Yet more on hedge funds and the people who run them and the academics who study them, this time from The New Yorker.
It is well known that risk and return tend to go together. If you go to Atlantic City and bet your life’s savings on a roulette wheel’s coming up black, you have a good chance of earning an instant return of a hundred per cent; you also have a good chance of going broke. Playing roulette is a high-risk, high-return activity. Putting your money in a bank C.D. is a low-risk, low-return activity. Truly outstanding investors, such as Warren Buffett, somehow generate consistently high returns at low risk. Kat decided to determine whether hedge funds met this standard; only if they did could they genuinely be said to have created alpha. In a study published in the June, 2003, issue of the Journal of Financial and Quantitative Analysis, he and a co-author, Gaurav Amin, an analyst at Schroder Investment Management, a British financial firm, compared the fee-adjusted returns of seventy-seven hedge funds between 1990 and 2000 with the returns generated by a market benchmark that had a similar risk profile. Seventy-two of the funds—more than ninety per cent—failed to outperform their benchmarks.

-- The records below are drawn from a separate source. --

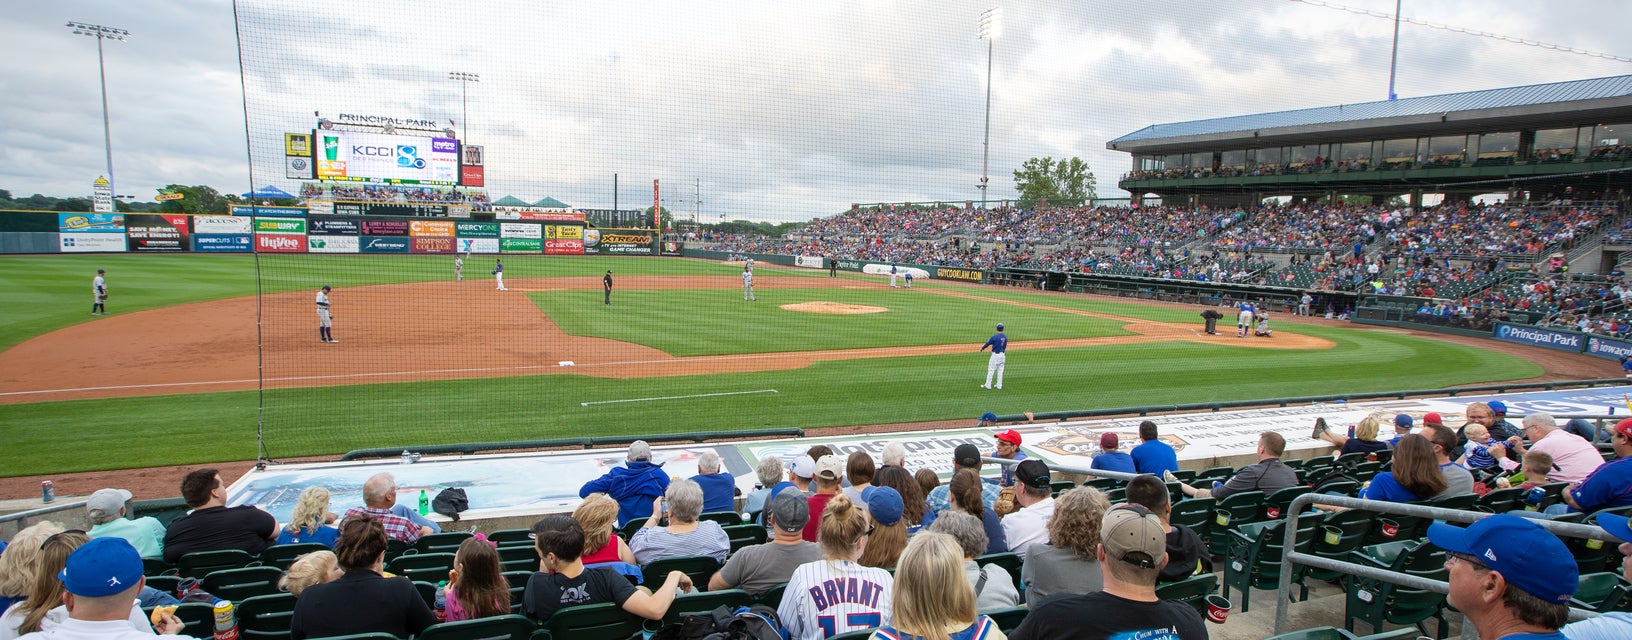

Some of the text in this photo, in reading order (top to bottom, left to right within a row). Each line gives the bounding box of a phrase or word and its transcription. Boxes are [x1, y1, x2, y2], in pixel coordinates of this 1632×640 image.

[339, 113, 436, 128] PRINCIPAL PARK
[352, 145, 393, 157] KCCI
[602, 235, 651, 243] XTREAM
[937, 268, 982, 280] GUYCOOKLAW.COM
[1510, 328, 1578, 347] Principal Park
[809, 577, 883, 612] BRYANT
[1172, 625, 1178, 634] A

With the help of a graduate student, Helder Palaro, Kat also undertook a larger study, in which he examined more than nineteen hundred funds. The results, which Kat and Palaro posted online as a working paper last year, showed that only eighteen per cent of the funds outperformed their benchmarks, and returns even at the most successful funds tended to decline over time. “Our research has shown that in at least eighty per cent of cases the after-fee alpha for hedge funds is negative,” Kat told me. “They are charging more than they are adding. I’m not saying they don’t have skill; I’m just saying they don’t have enough skill to make up for two and twenty.”
Read the whole thing.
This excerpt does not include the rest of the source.